Work instruction
Within the entries below, output exactly the lines between the line containing "this 1282×1920 image." and the line containing "Some of the words", inclusive, and omit any picture.

*** Opening of Source material ***

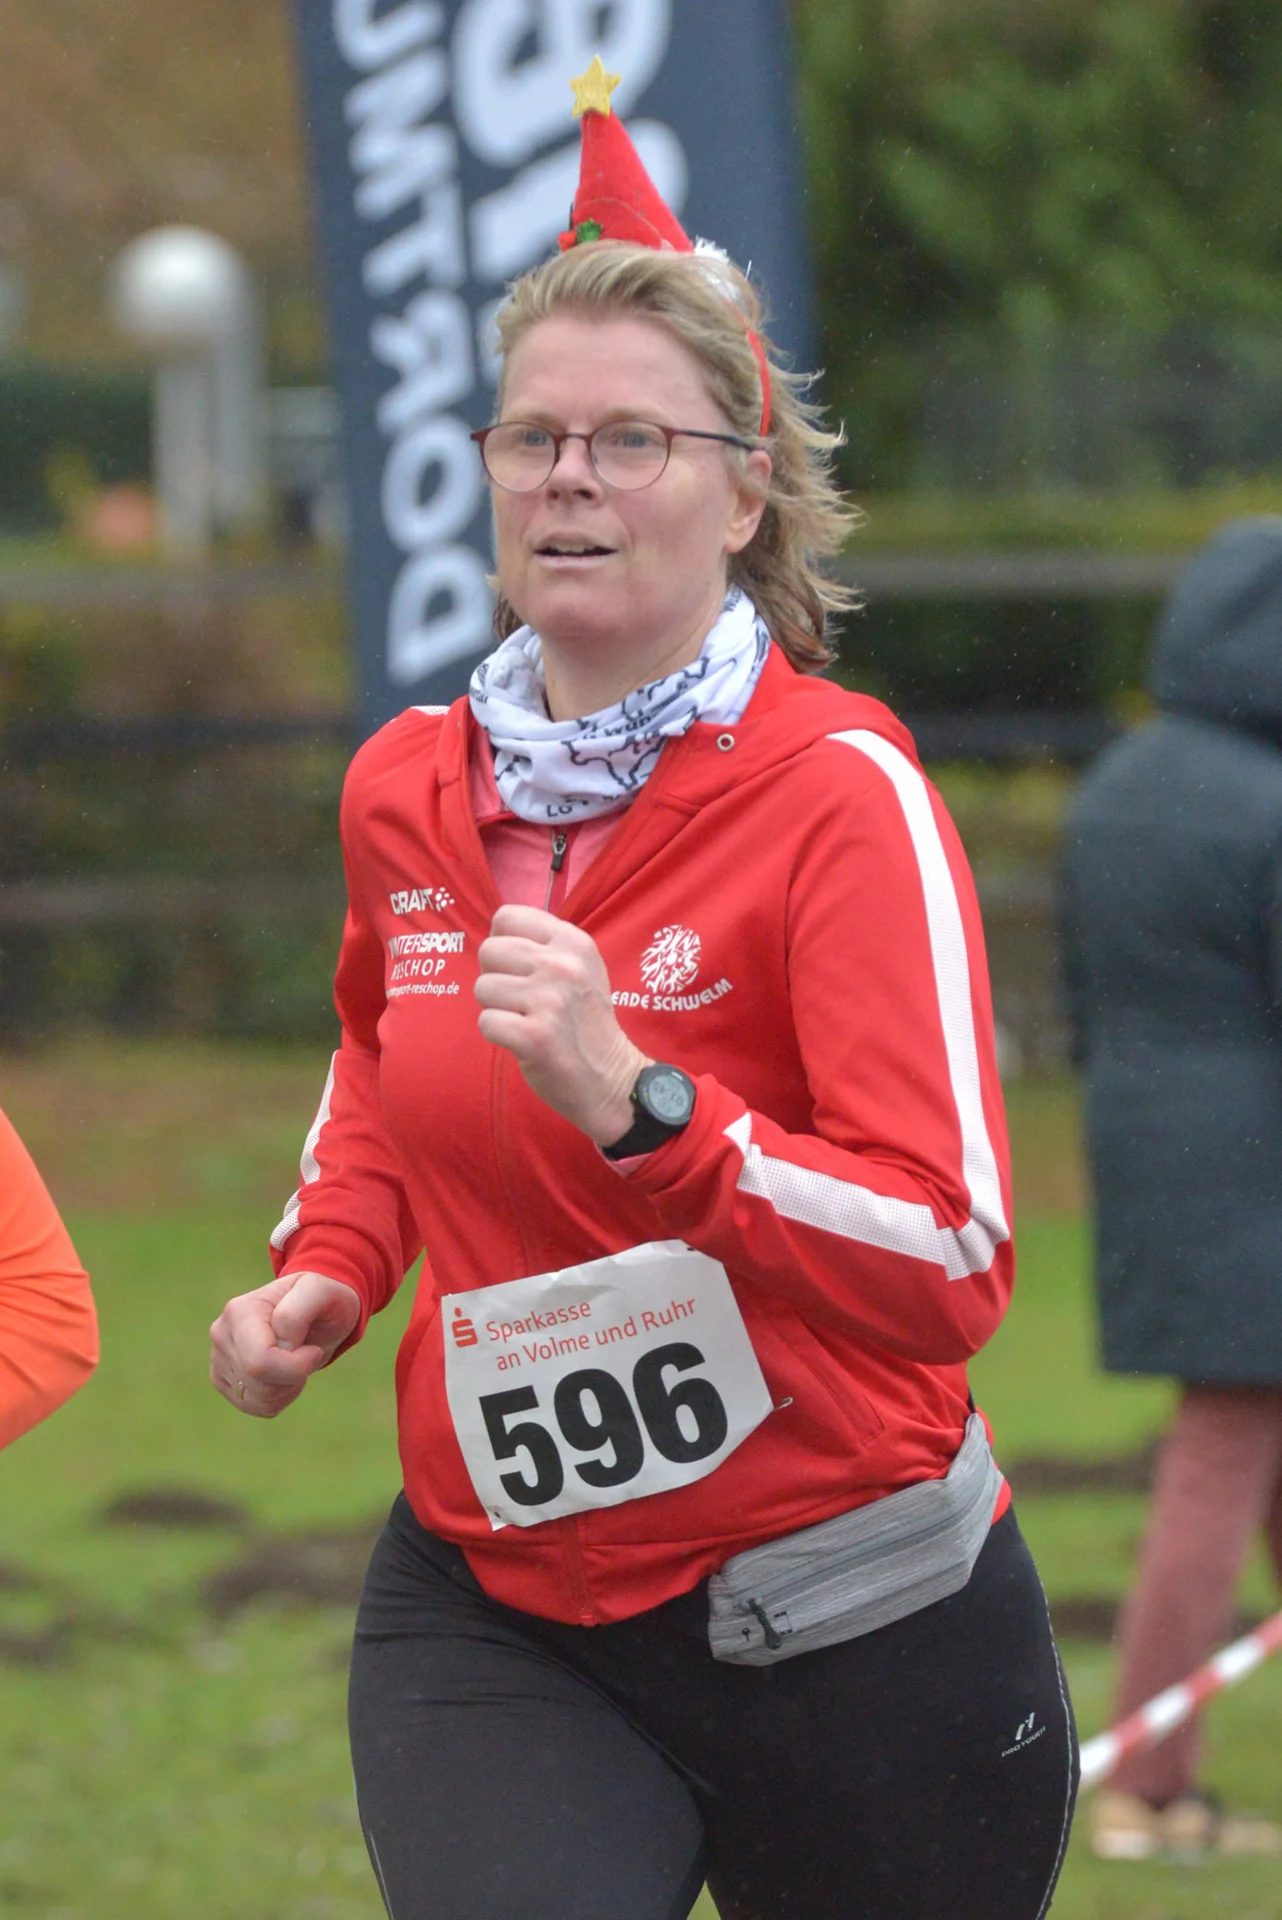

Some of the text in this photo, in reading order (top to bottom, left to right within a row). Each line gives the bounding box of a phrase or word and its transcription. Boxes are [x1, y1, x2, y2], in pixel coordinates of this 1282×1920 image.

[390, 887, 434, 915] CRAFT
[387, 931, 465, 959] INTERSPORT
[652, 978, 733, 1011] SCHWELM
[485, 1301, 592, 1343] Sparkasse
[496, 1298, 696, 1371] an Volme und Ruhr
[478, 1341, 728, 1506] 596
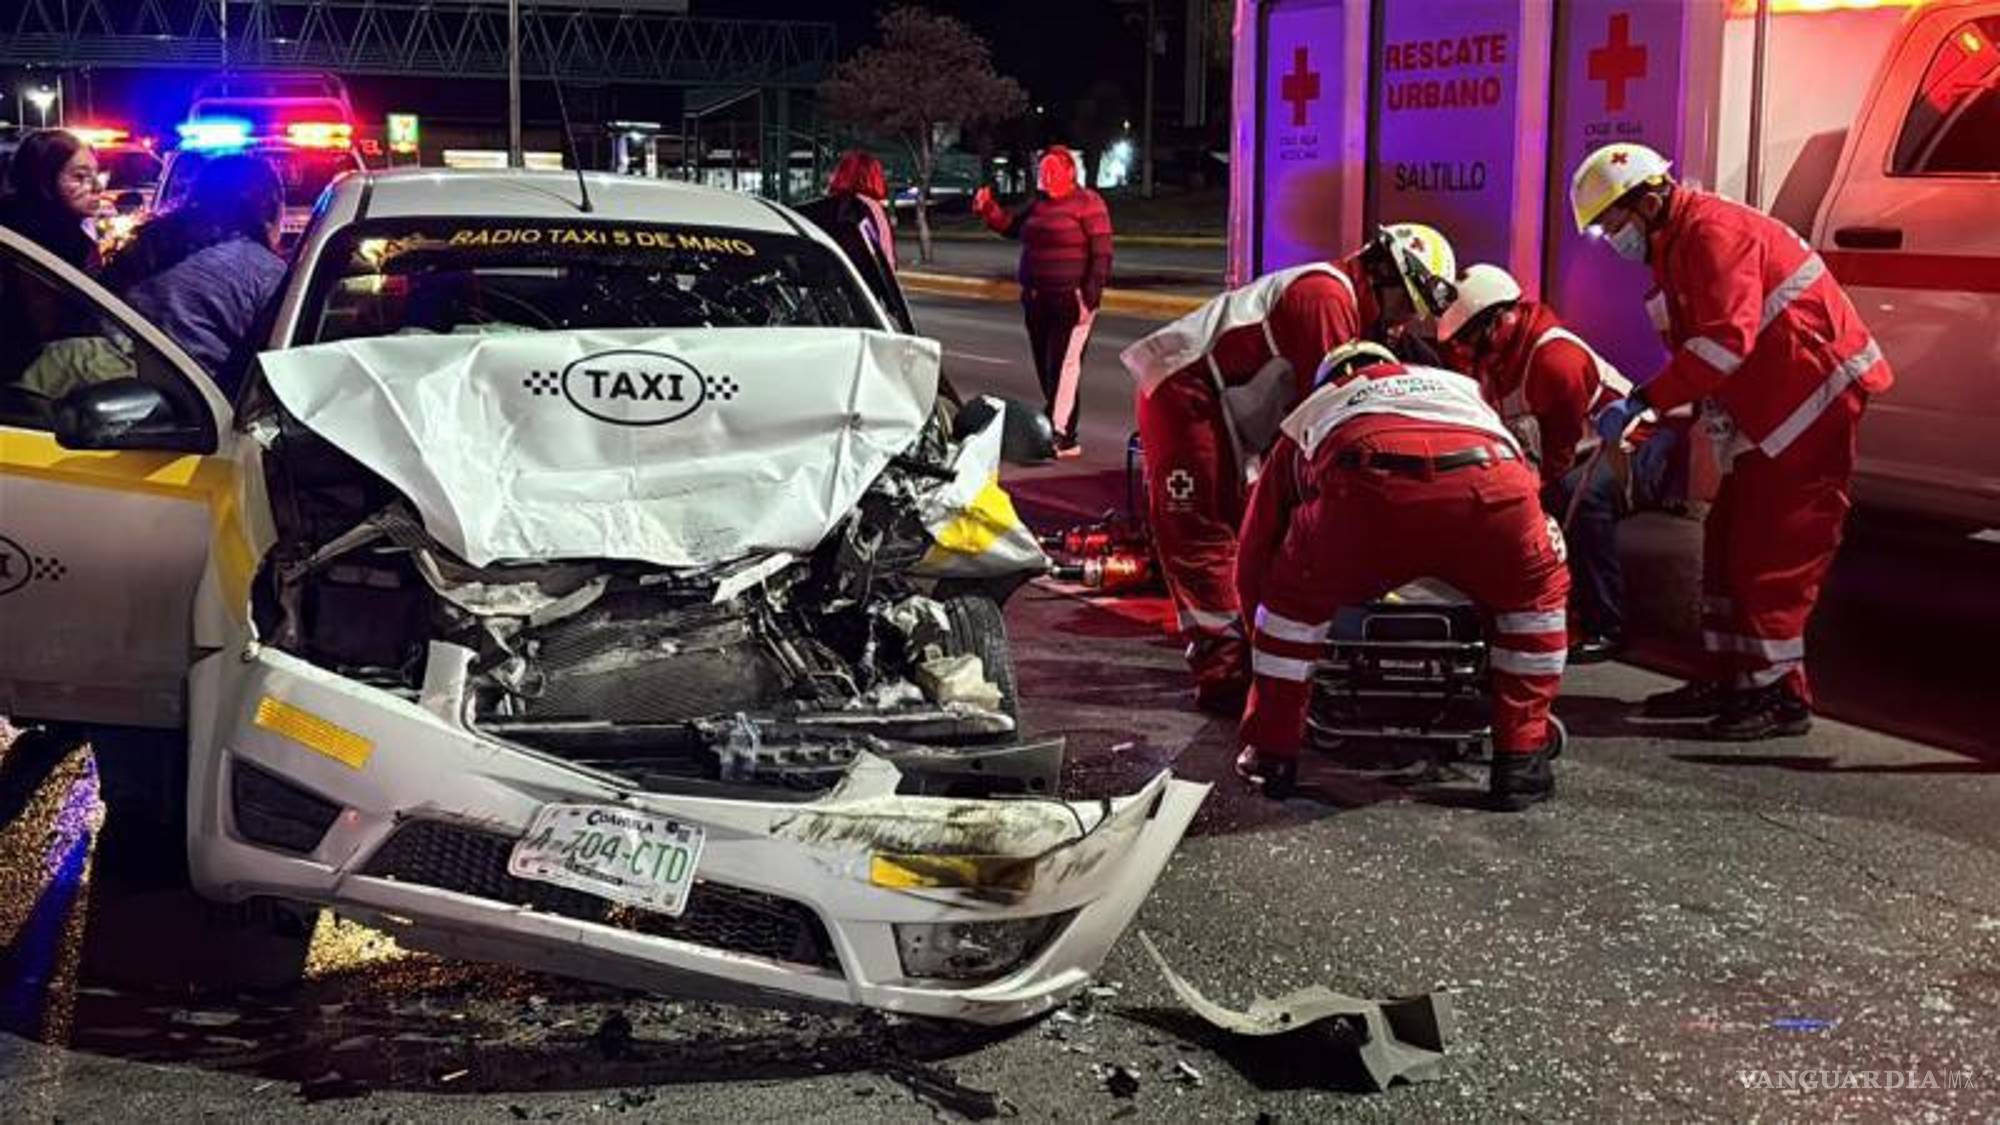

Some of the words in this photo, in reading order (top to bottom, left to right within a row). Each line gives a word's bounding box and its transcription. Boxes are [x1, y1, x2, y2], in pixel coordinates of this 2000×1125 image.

*** Close of Source material ***
*** Opening of Source material ***

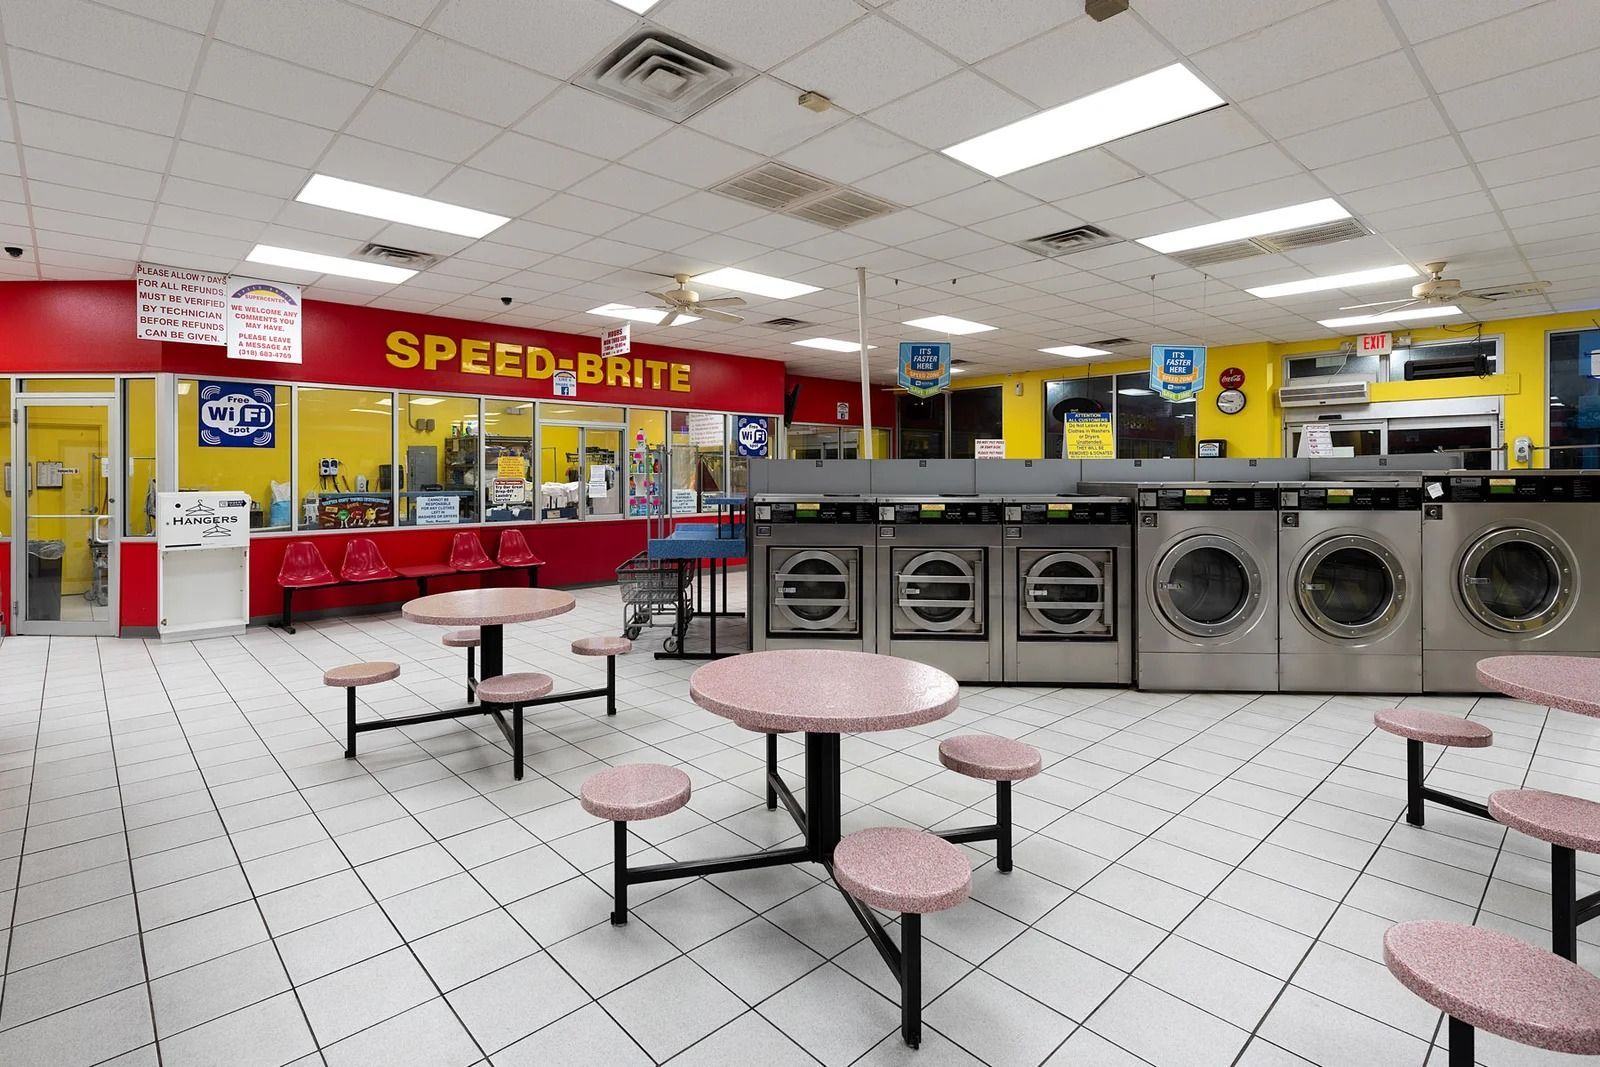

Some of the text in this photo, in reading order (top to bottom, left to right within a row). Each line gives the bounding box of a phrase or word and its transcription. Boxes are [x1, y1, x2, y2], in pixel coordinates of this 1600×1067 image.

*** Close of Source material ***

Answer to the problem
Some of the text in this photo, in reading order (top to bottom, left to right within a row). Each line gives the bounding box of a phrase or word and its transcription. Boxes are [x1, y1, x2, y2], in pixel coordinates of this 1282×1920 image.

[390, 887, 434, 915] CRAFT
[387, 931, 465, 959] INTERSPORT
[652, 978, 733, 1011] SCHWELM
[485, 1301, 592, 1343] Sparkasse
[496, 1298, 696, 1371] an Volme und Ruhr
[478, 1341, 728, 1506] 596

Some of the words in this photo, in reading order (top to bottom, left to right within a row). Each line gives a word's bounding box and its transcription. Boxes are [x1, y1, x2, y2], in pixel coordinates of this 2000×1125 image.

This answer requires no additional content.